Each record that follows goes into your reply unchanged; the pictures do not.

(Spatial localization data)
○ ○ ○ ○ ○
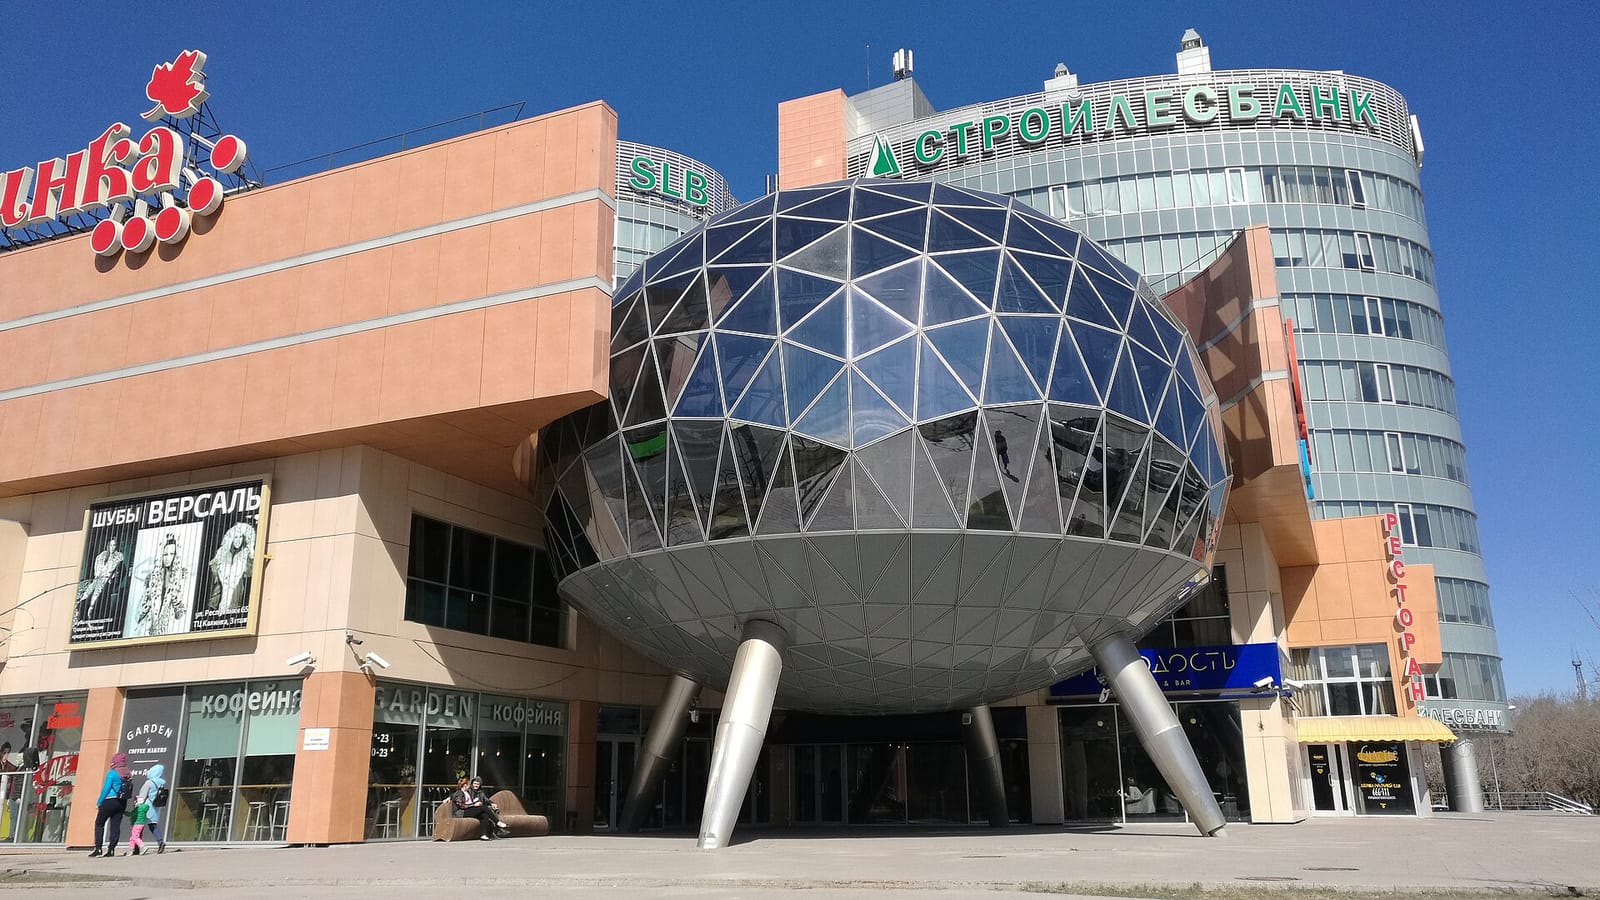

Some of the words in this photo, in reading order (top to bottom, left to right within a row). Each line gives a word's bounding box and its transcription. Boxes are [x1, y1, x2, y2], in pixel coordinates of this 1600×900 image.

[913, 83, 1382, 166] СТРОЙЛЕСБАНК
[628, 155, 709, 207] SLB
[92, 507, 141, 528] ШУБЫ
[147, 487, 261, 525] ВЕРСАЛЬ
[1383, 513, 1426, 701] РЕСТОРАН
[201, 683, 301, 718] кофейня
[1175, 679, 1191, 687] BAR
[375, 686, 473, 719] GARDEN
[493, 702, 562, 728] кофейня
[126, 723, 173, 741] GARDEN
○ ○ ○ ○ ○
RESULT:
Some of the words in this photo, in reading order (top to bottom, left to right within a row). Each line gives a word's bounding box and its transcription. Boxes are [x1, y1, x2, y2], in pixel coordinates of this 1600×900 image.

[913, 83, 1382, 166] СТРОЙЛЕСБАНК
[628, 155, 709, 207] SLB
[92, 507, 141, 528] ШУБЫ
[147, 487, 261, 525] ВЕРСАЛЬ
[1383, 513, 1426, 701] РЕСТОРАН
[201, 683, 301, 718] кофейня
[1175, 679, 1191, 687] BAR
[375, 686, 473, 719] GARDEN
[493, 702, 562, 728] кофейня
[126, 723, 173, 741] GARDEN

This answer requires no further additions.